**PROVIDED MATERIAL**
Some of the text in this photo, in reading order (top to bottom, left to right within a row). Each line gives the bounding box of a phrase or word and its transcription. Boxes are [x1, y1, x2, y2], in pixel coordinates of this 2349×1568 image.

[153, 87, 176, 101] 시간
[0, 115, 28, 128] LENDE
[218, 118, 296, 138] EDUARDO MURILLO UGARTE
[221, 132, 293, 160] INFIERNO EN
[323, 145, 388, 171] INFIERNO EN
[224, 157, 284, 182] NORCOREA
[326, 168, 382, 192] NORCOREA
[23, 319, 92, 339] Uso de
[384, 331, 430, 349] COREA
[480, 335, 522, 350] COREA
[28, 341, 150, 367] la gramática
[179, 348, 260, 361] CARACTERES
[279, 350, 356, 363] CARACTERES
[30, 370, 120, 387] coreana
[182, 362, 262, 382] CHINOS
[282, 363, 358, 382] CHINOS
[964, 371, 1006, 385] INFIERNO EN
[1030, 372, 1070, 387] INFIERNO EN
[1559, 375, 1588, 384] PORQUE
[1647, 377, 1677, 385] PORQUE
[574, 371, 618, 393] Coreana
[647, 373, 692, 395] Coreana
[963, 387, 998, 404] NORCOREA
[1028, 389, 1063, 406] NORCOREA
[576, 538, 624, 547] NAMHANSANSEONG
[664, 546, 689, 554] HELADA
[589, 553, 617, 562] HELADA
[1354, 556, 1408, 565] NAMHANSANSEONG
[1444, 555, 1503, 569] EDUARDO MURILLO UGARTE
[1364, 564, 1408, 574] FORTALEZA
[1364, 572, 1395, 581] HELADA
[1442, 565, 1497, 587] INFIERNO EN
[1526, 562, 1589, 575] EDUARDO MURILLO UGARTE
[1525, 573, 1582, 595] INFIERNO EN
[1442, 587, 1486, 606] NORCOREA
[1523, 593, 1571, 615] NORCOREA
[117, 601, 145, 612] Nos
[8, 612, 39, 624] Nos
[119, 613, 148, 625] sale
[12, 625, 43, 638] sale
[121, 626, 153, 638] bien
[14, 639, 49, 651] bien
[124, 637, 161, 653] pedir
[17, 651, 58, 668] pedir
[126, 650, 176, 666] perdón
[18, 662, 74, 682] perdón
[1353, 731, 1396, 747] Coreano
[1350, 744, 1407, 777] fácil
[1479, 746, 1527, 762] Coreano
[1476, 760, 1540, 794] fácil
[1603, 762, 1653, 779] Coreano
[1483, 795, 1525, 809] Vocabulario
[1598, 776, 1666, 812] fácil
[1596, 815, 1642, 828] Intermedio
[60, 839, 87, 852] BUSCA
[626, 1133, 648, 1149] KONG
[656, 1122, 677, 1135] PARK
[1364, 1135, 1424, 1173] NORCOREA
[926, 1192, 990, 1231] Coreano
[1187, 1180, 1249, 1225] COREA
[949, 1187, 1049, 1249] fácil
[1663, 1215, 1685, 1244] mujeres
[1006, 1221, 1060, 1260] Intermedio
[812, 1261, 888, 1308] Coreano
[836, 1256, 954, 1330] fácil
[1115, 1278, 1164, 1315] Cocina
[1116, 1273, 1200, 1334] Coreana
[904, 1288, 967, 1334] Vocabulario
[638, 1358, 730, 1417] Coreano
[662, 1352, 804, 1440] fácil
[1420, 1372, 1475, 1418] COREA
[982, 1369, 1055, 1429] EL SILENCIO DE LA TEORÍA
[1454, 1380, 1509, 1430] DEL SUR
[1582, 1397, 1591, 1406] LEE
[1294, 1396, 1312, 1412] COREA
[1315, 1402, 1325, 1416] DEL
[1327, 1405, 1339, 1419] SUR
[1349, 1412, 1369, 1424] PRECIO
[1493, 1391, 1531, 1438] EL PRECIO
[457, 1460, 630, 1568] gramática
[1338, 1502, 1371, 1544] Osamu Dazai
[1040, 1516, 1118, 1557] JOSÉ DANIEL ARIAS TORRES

**WHAT THIS TASK INVOLVES**
Where a line of the material holds the word "Coreano", copy that line.

**WRITTEN ANSWER**
[1353, 731, 1396, 747] Coreano
[1479, 746, 1527, 762] Coreano
[1603, 762, 1653, 779] Coreano
[926, 1192, 990, 1231] Coreano
[812, 1261, 888, 1308] Coreano
[638, 1358, 730, 1417] Coreano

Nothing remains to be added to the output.